§ Required action: All lines after the one containing "this 1280×1707 image." are needed, along with that line itself. Please repeat them exactly through the end of the entries.

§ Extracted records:

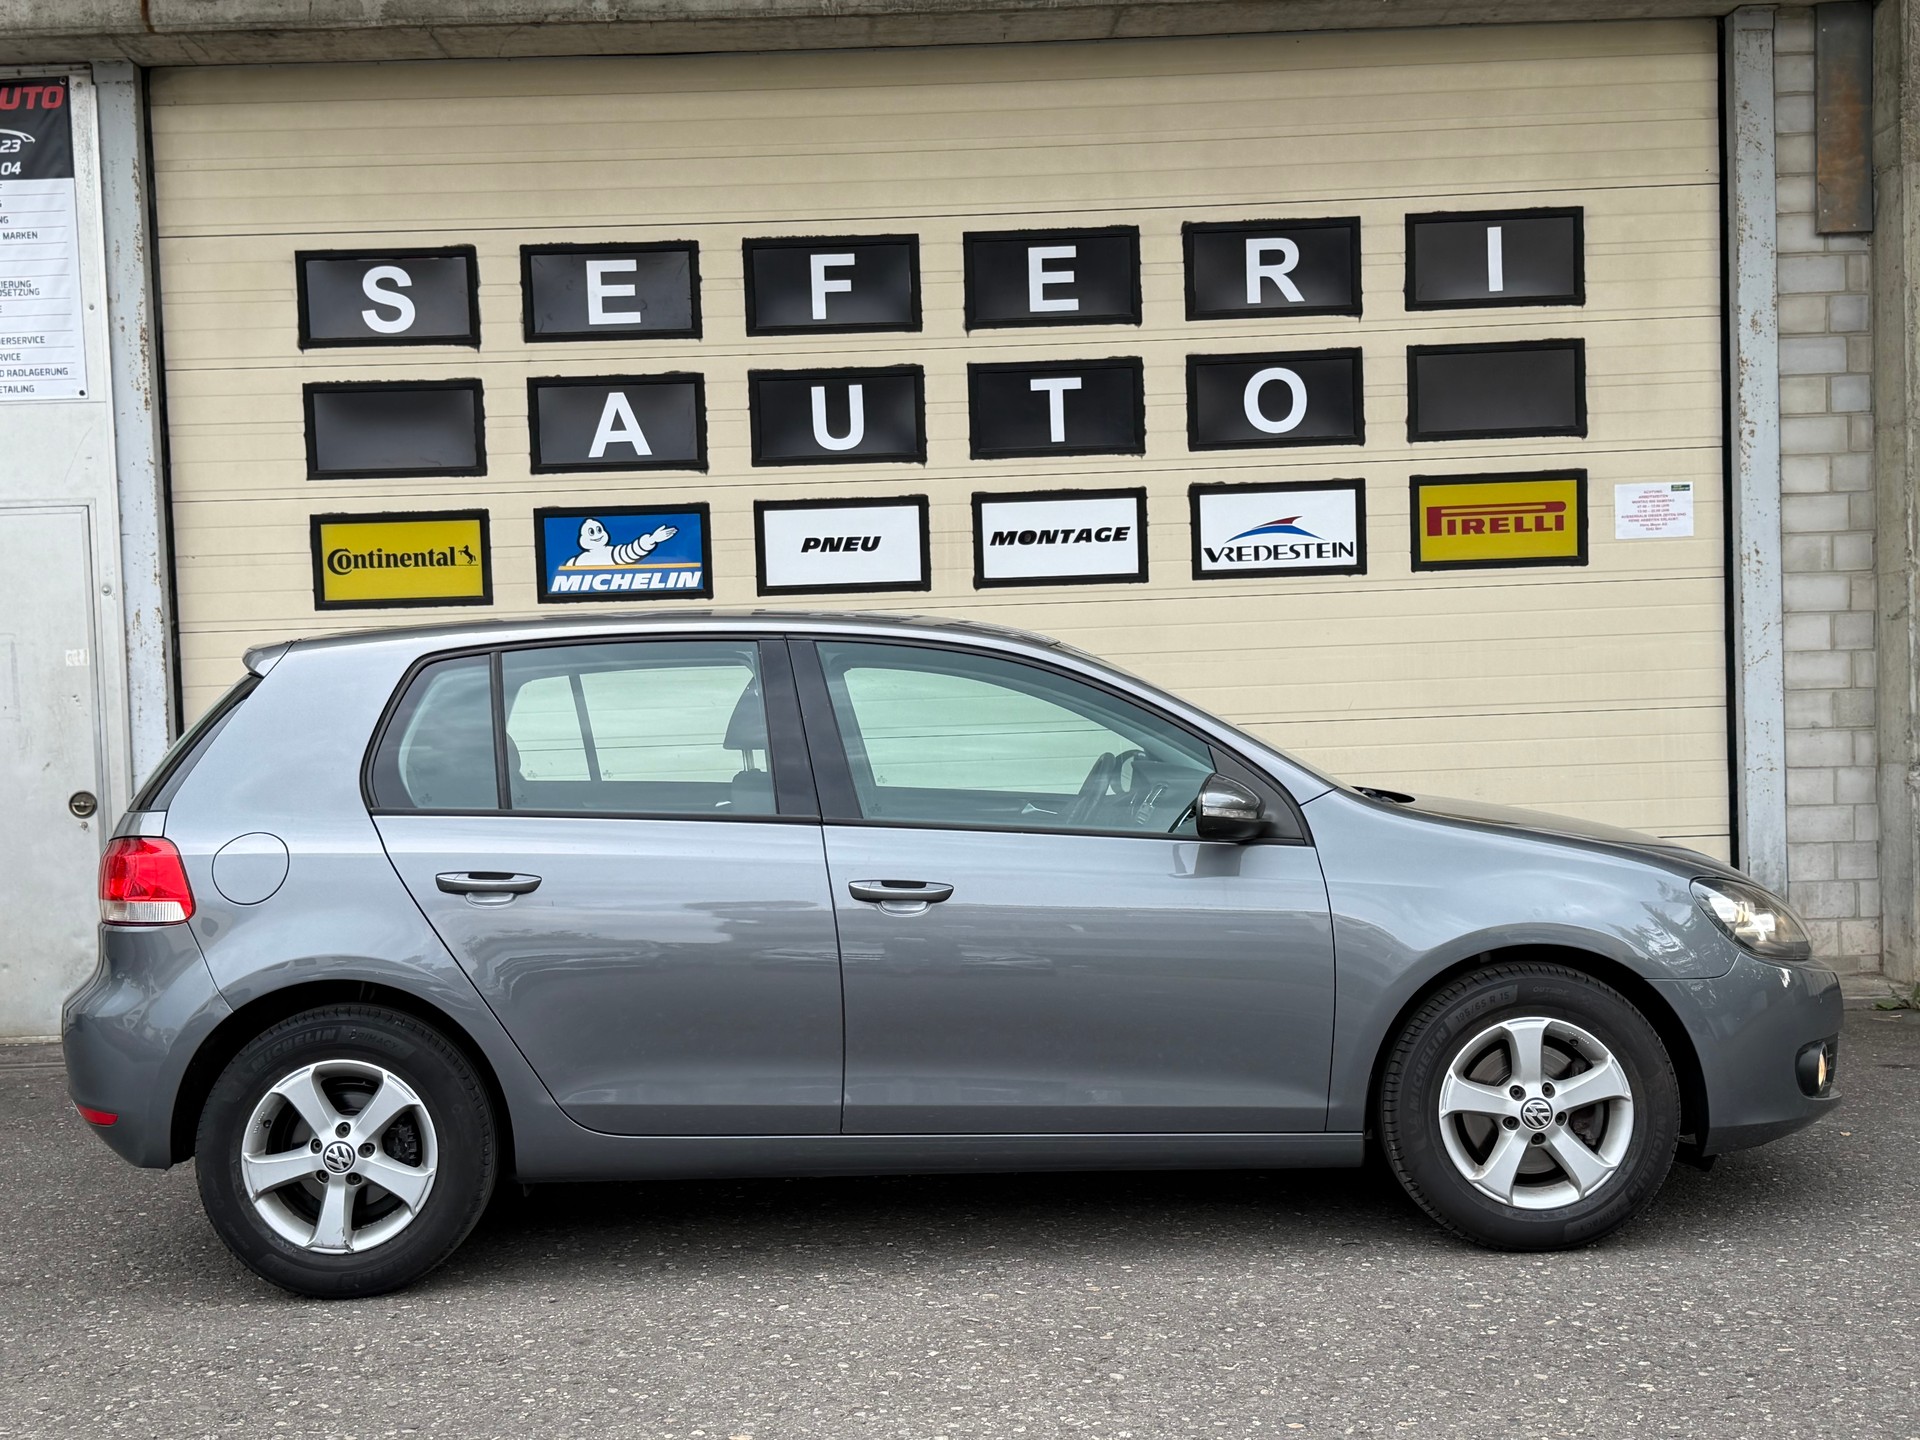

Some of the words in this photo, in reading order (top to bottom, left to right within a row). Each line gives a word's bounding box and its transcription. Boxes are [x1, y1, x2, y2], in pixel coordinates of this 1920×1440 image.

[1, 161, 21, 175] 04
[2, 231, 38, 240] MARKEN
[7, 367, 68, 378] RADLAGERUNG
[1427, 501, 1567, 537] PIRELLI
[800, 535, 882, 553] PNEU
[989, 526, 1131, 547] MONTAGE
[327, 546, 457, 576] Continental
[1203, 541, 1354, 563] VREDESTEIN
[551, 571, 702, 592] MICHELIN
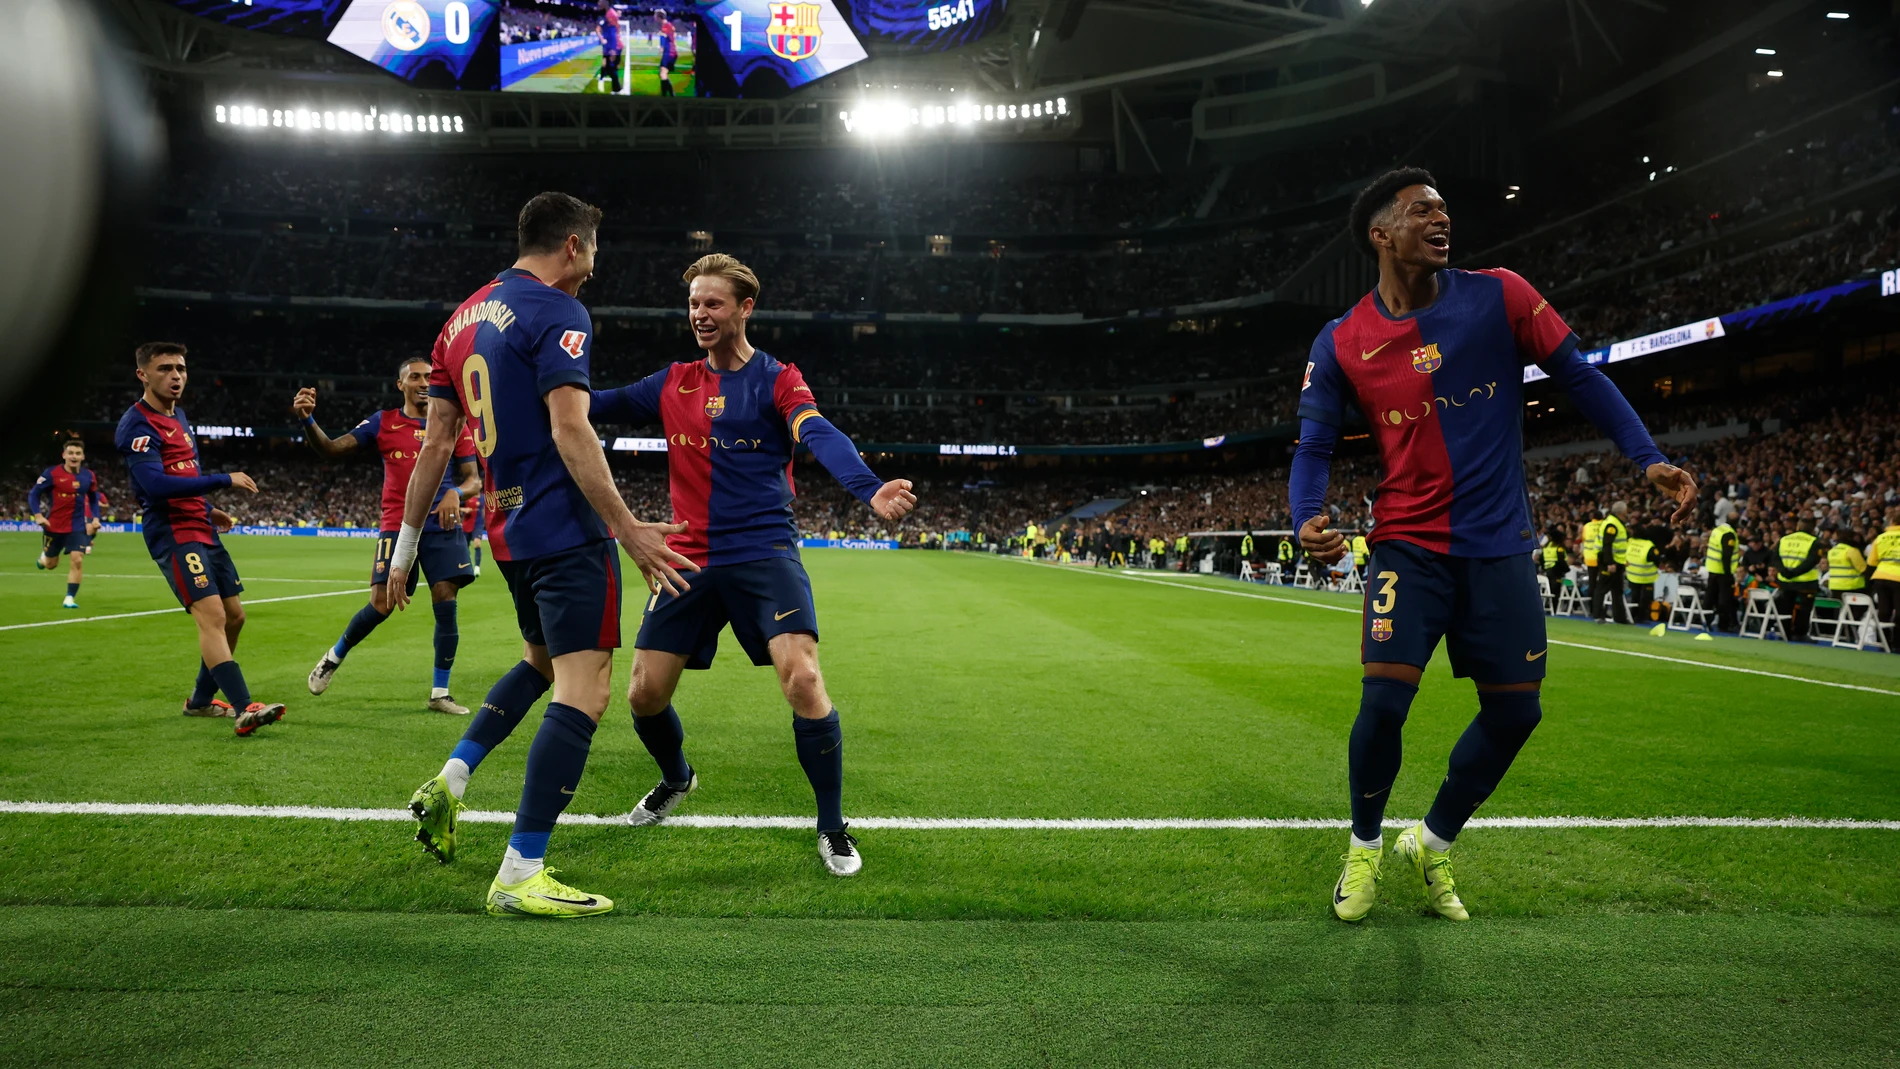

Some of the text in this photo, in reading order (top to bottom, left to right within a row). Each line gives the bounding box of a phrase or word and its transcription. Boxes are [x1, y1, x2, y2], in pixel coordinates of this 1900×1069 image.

[445, 1, 470, 45] 0
[928, 3, 975, 31] 55:41
[723, 10, 742, 52] 1
[443, 300, 516, 349] LEWANDOWSKI
[1650, 329, 1692, 349] BARCELONA
[462, 353, 497, 458] 9
[196, 425, 233, 437] MADRID
[939, 444, 962, 455] REAL
[963, 444, 997, 456] MADRID
[494, 485, 523, 500] UNHCR
[497, 494, 524, 508] ACNUR
[242, 525, 292, 536] Sanitas
[316, 529, 349, 537] Nuevo
[377, 537, 392, 560] 11
[841, 539, 891, 550] Sanitas
[185, 552, 205, 575] 8
[1372, 570, 1399, 614] 3
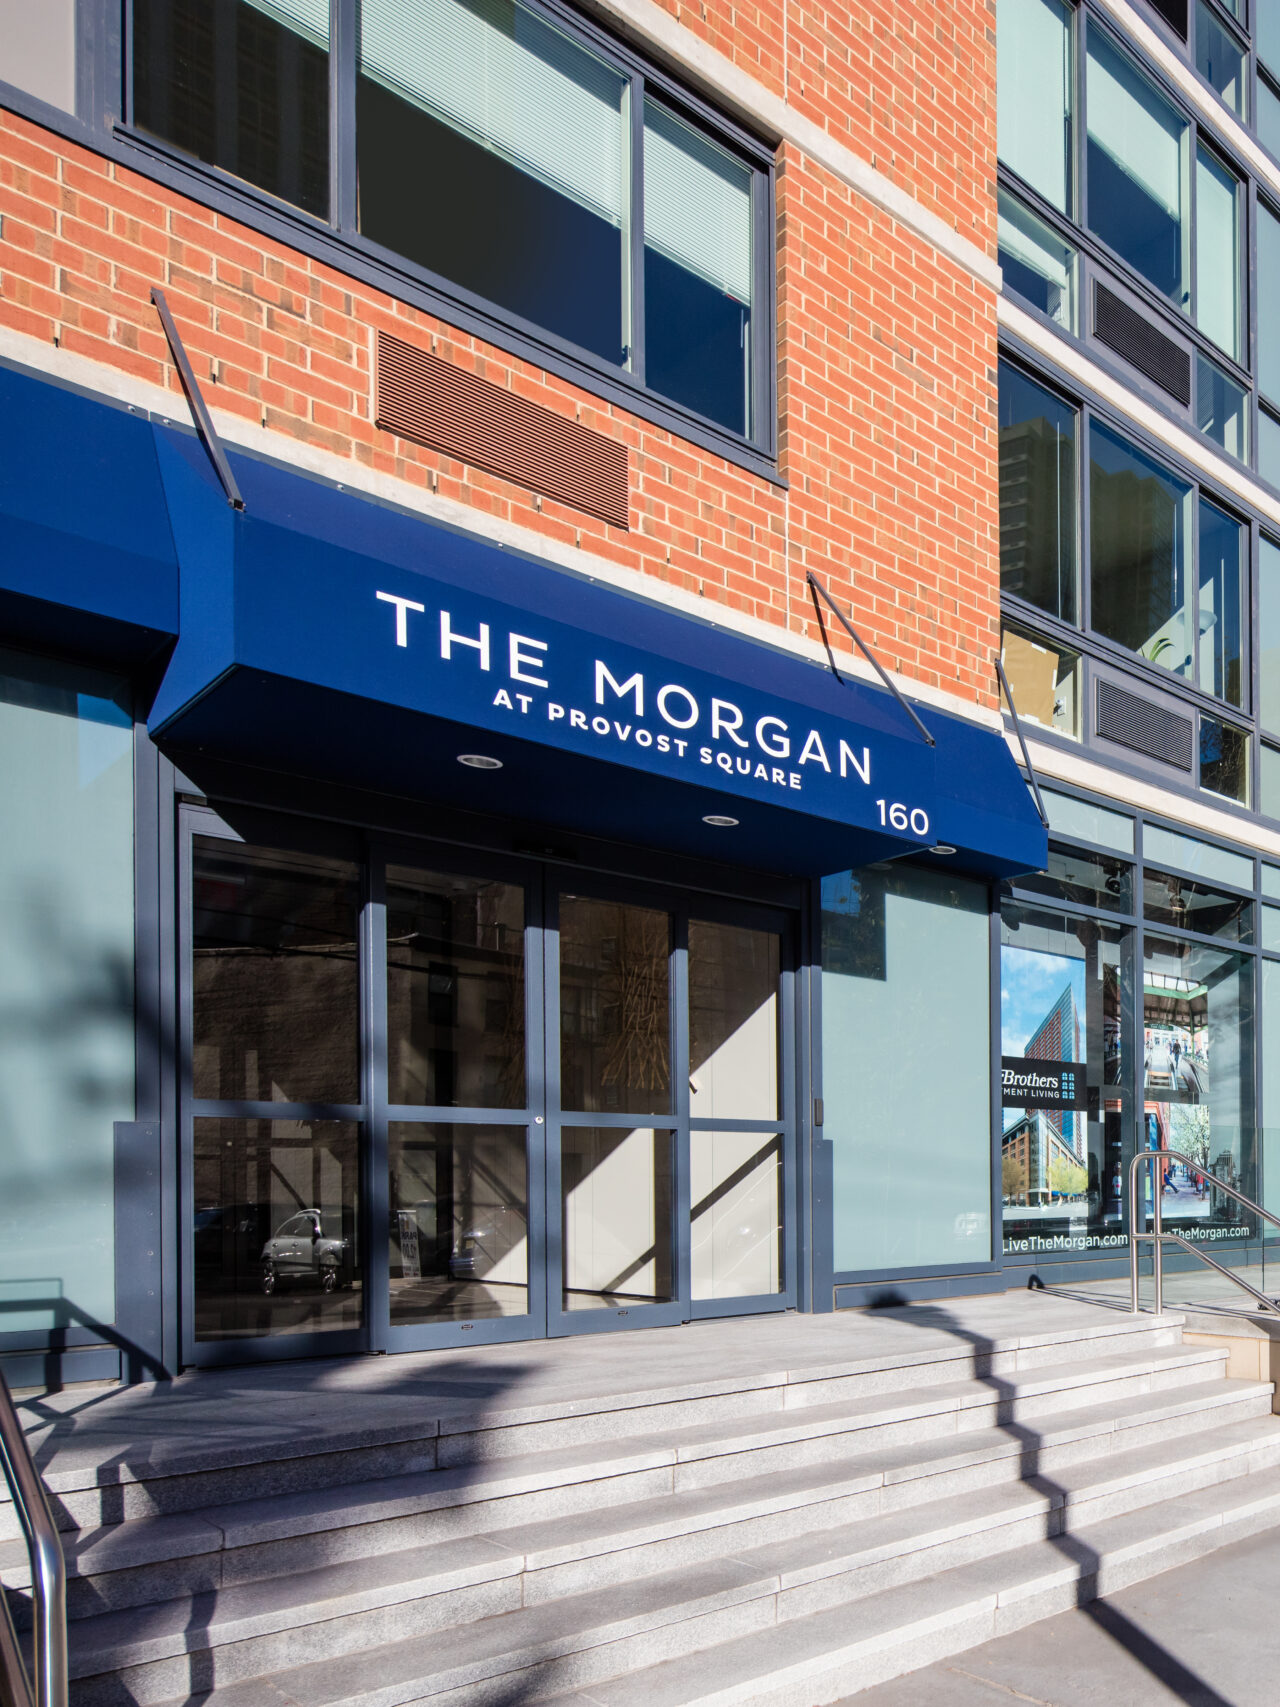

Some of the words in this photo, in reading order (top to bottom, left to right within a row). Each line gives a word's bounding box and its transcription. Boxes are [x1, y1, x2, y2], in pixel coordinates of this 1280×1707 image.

[376, 591, 549, 688] THE
[596, 660, 871, 784] MORGAN
[493, 689, 533, 713] AT
[549, 703, 688, 756] PROVOST
[700, 747, 802, 789] SQUARE
[876, 799, 929, 836] 160
[1002, 1087, 1028, 1097] MENT
[1031, 1089, 1060, 1099] LIVING
[1002, 1234, 1128, 1252] LiveTheMorgan.com
[1150, 1226, 1250, 1241] TheMorgan.com

§ Output of the exercise:
Some of the words in this photo, in reading order (top to bottom, left to right within a row). Each line gives a word's bounding box and its transcription. Boxes are [x1, y1, x2, y2], in pixel coordinates of this 1280×1707 image.

[376, 591, 549, 688] THE
[596, 660, 871, 784] MORGAN
[493, 689, 533, 713] AT
[549, 703, 688, 756] PROVOST
[700, 747, 802, 789] SQUARE
[876, 799, 929, 836] 160
[1002, 1087, 1028, 1097] MENT
[1031, 1089, 1060, 1099] LIVING
[1002, 1234, 1128, 1252] LiveTheMorgan.com
[1150, 1226, 1250, 1241] TheMorgan.com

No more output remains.